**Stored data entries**
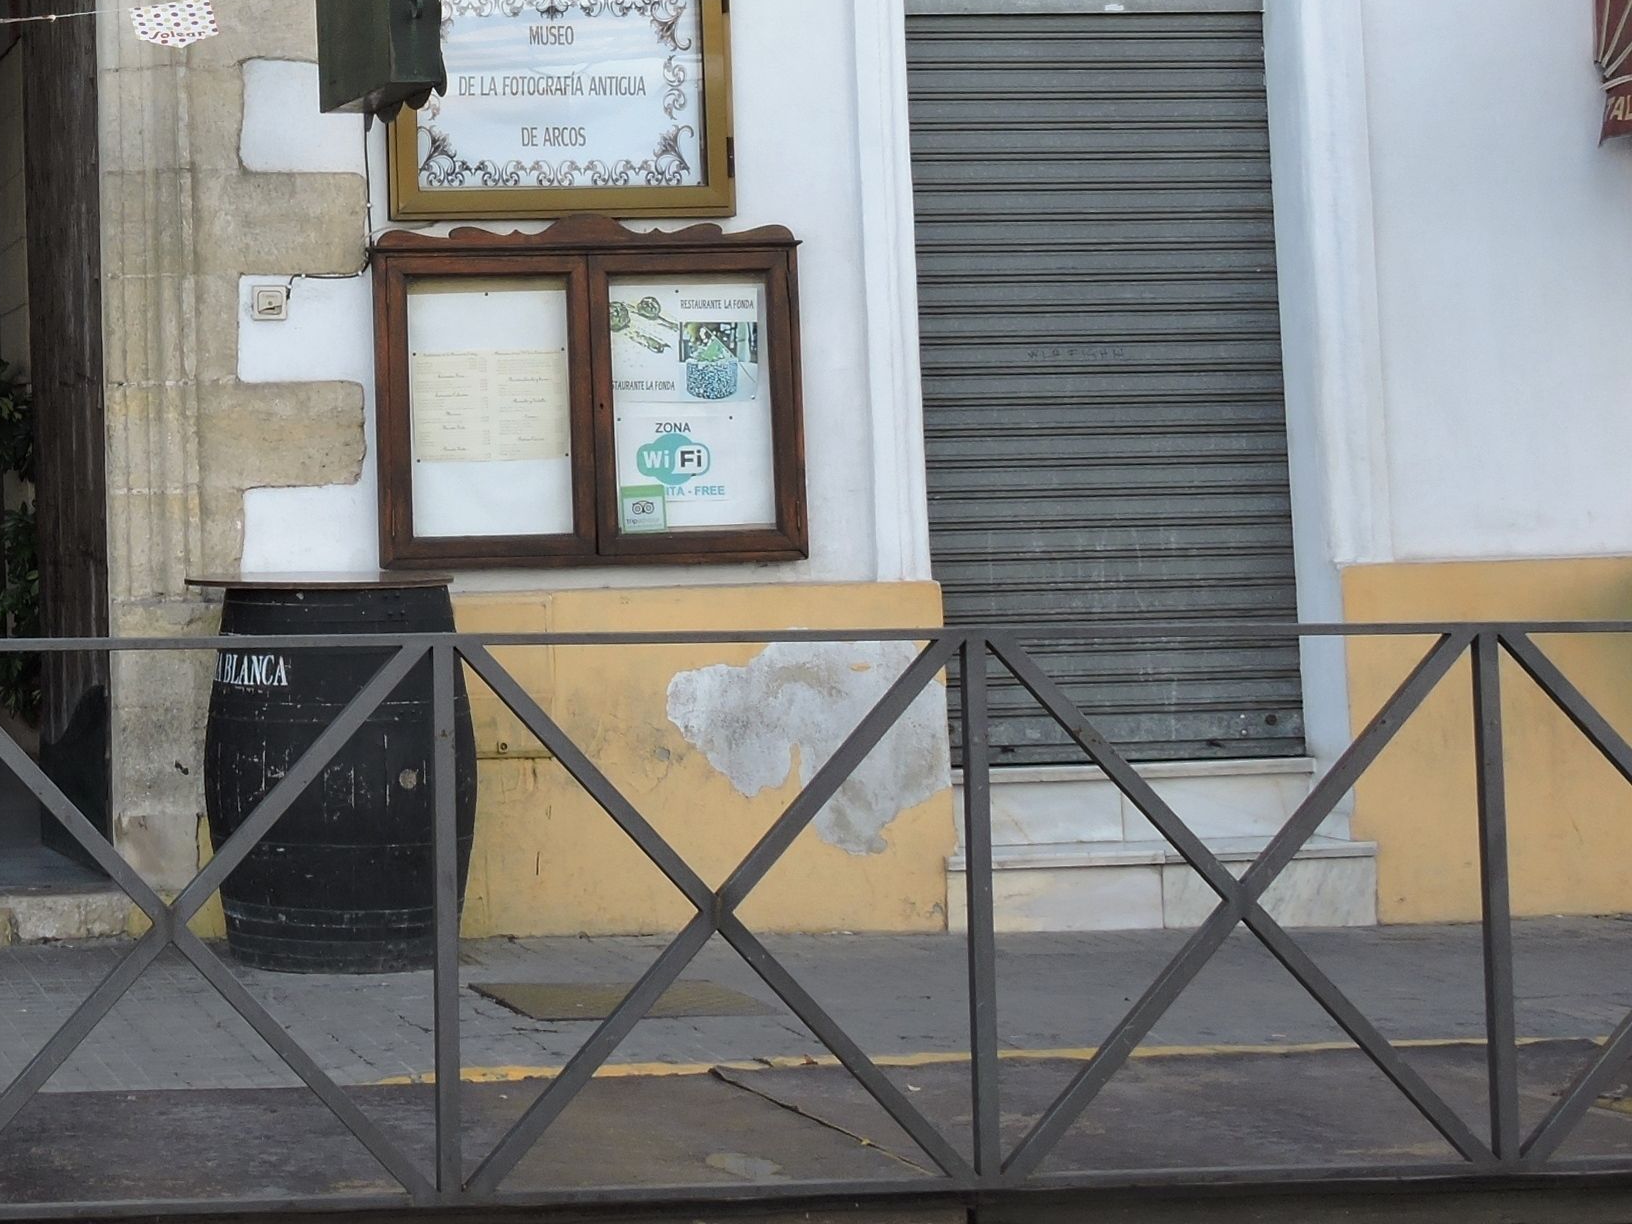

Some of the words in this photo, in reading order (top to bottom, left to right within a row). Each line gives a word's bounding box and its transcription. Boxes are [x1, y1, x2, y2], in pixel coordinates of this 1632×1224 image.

[528, 25, 574, 45] MUSEO
[458, 76, 478, 96] DE
[480, 76, 498, 96] LA
[502, 71, 583, 97] FOTOGRAFÍA
[588, 76, 646, 97] ANTIGUA
[521, 127, 539, 147] DE
[543, 127, 586, 147] ARCOS
[680, 299, 722, 309] RESTAURANTE
[724, 299, 732, 309] LA
[733, 299, 754, 309] FONDA
[646, 380, 653, 391] LA
[654, 380, 676, 391] FONDA
[655, 422, 691, 433] ZONA
[643, 448, 702, 469] WiFi
[694, 485, 726, 495] FREE
[223, 654, 289, 686] BLANCA
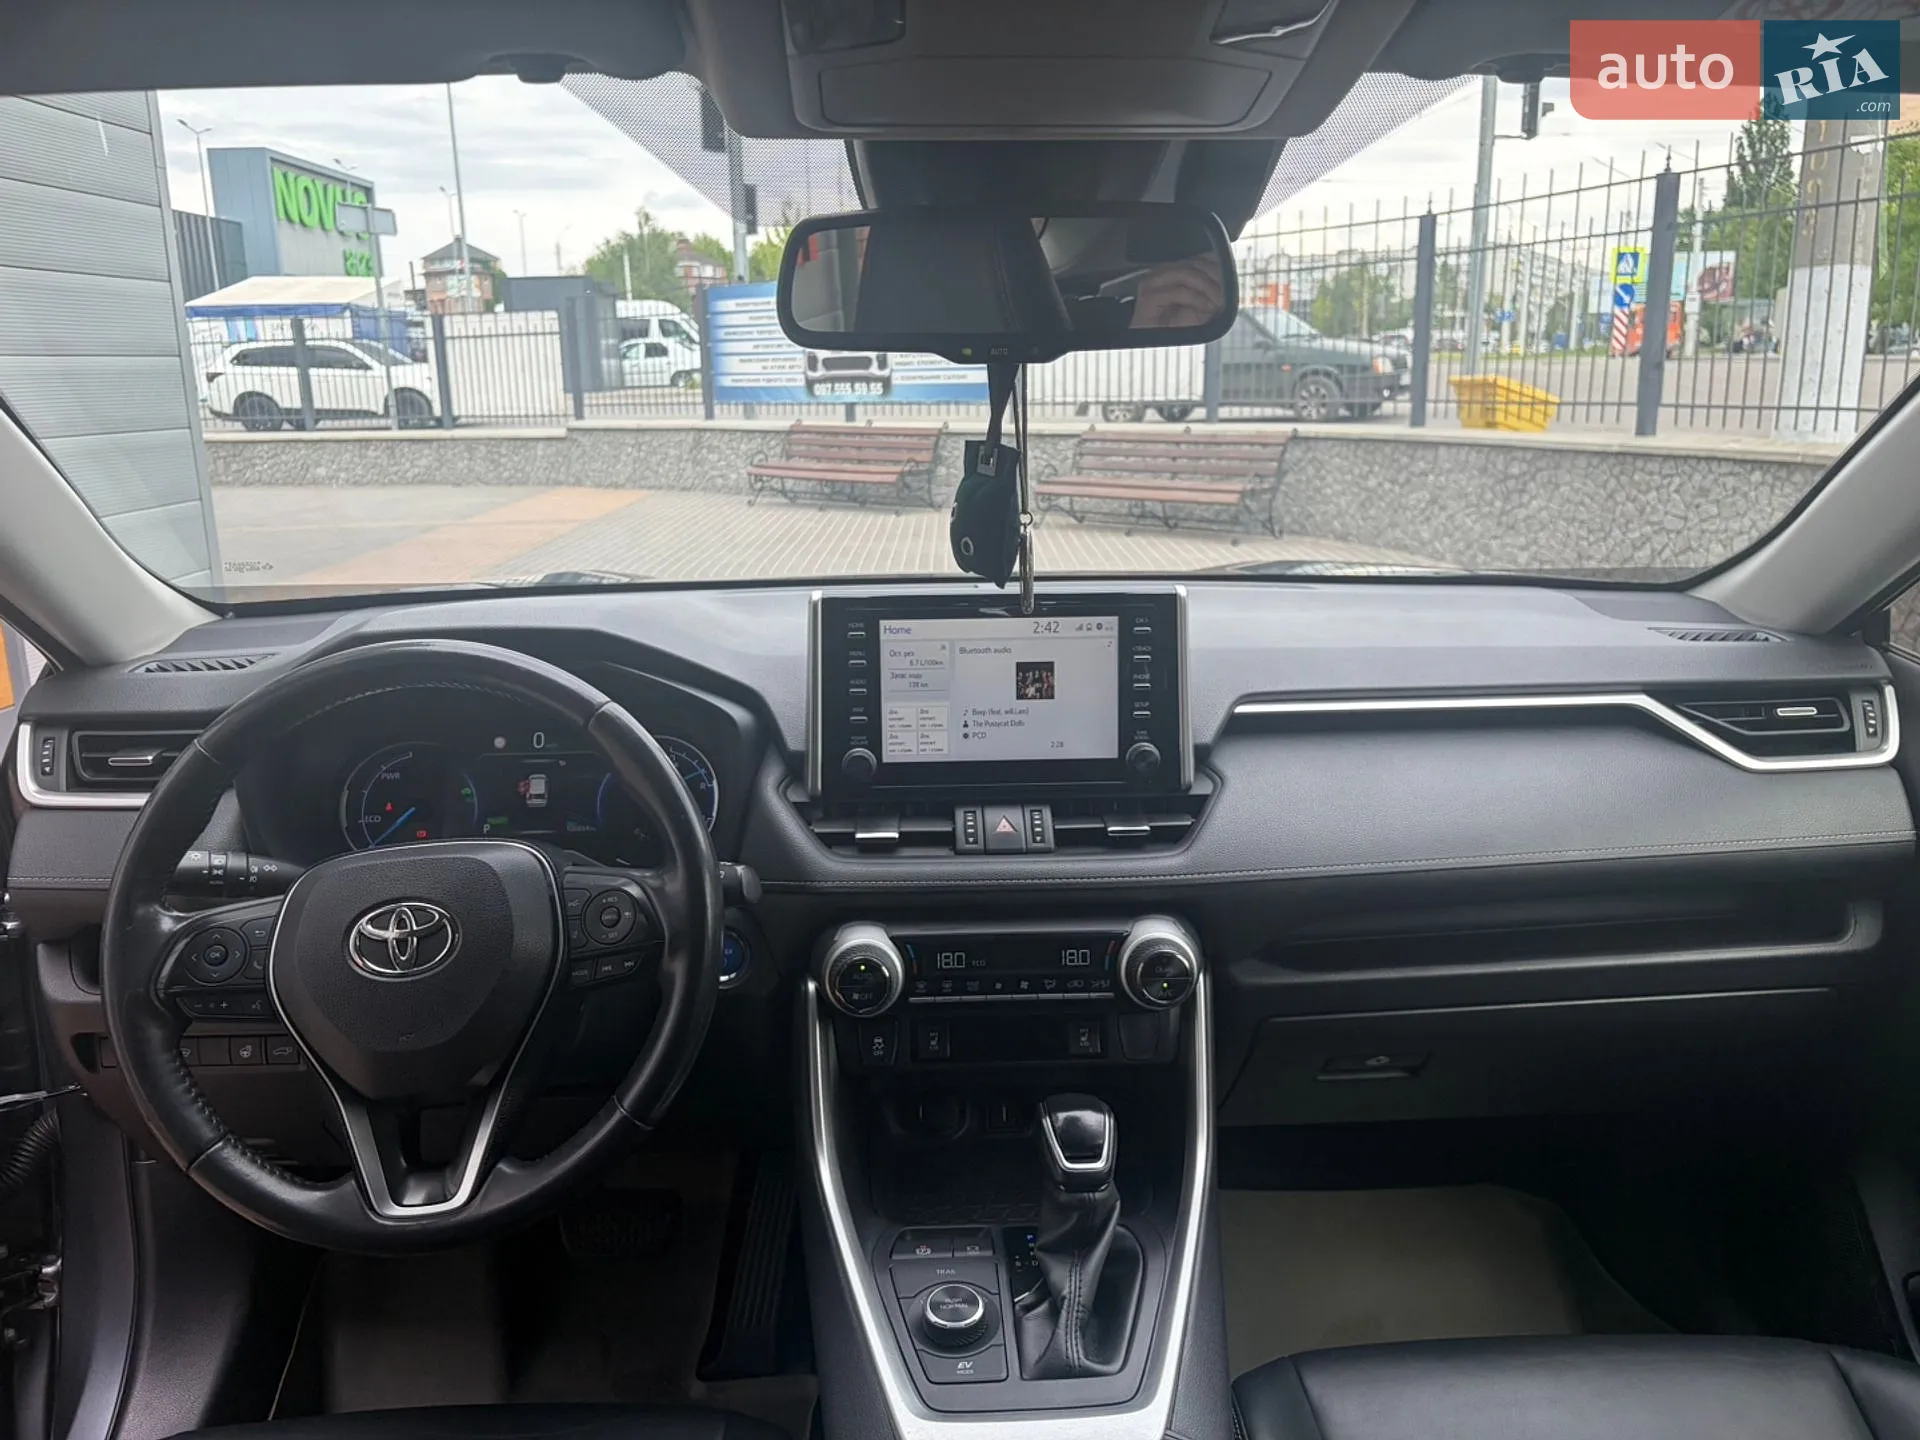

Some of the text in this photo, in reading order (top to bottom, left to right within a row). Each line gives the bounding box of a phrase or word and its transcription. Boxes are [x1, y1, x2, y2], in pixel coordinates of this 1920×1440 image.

**Activity**
Return all of the data exactly as written, and drop the pictures.

**Solution for this problem**
Some of the words in this photo, in reading order (top to bottom, left to right within a row). Each line gives a word's bounding box and its transcription. Boxes are [x1, y1, x2, y2], in pixel coordinates of this 1632×1224 image.

[528, 25, 574, 45] MUSEO
[458, 76, 478, 96] DE
[480, 76, 498, 96] LA
[502, 71, 583, 97] FOTOGRAFÍA
[588, 76, 646, 97] ANTIGUA
[521, 127, 539, 147] DE
[543, 127, 586, 147] ARCOS
[680, 299, 722, 309] RESTAURANTE
[724, 299, 732, 309] LA
[733, 299, 754, 309] FONDA
[646, 380, 653, 391] LA
[654, 380, 676, 391] FONDA
[655, 422, 691, 433] ZONA
[643, 448, 702, 469] WiFi
[694, 485, 726, 495] FREE
[223, 654, 289, 686] BLANCA

Some of the text in this photo, in reading order (top to bottom, left to right within a row). Each line gives the bounding box of a phrase or word and its transcription. Boxes are [x1, y1, x2, y2], in pixel coordinates of this 1920×1440 image.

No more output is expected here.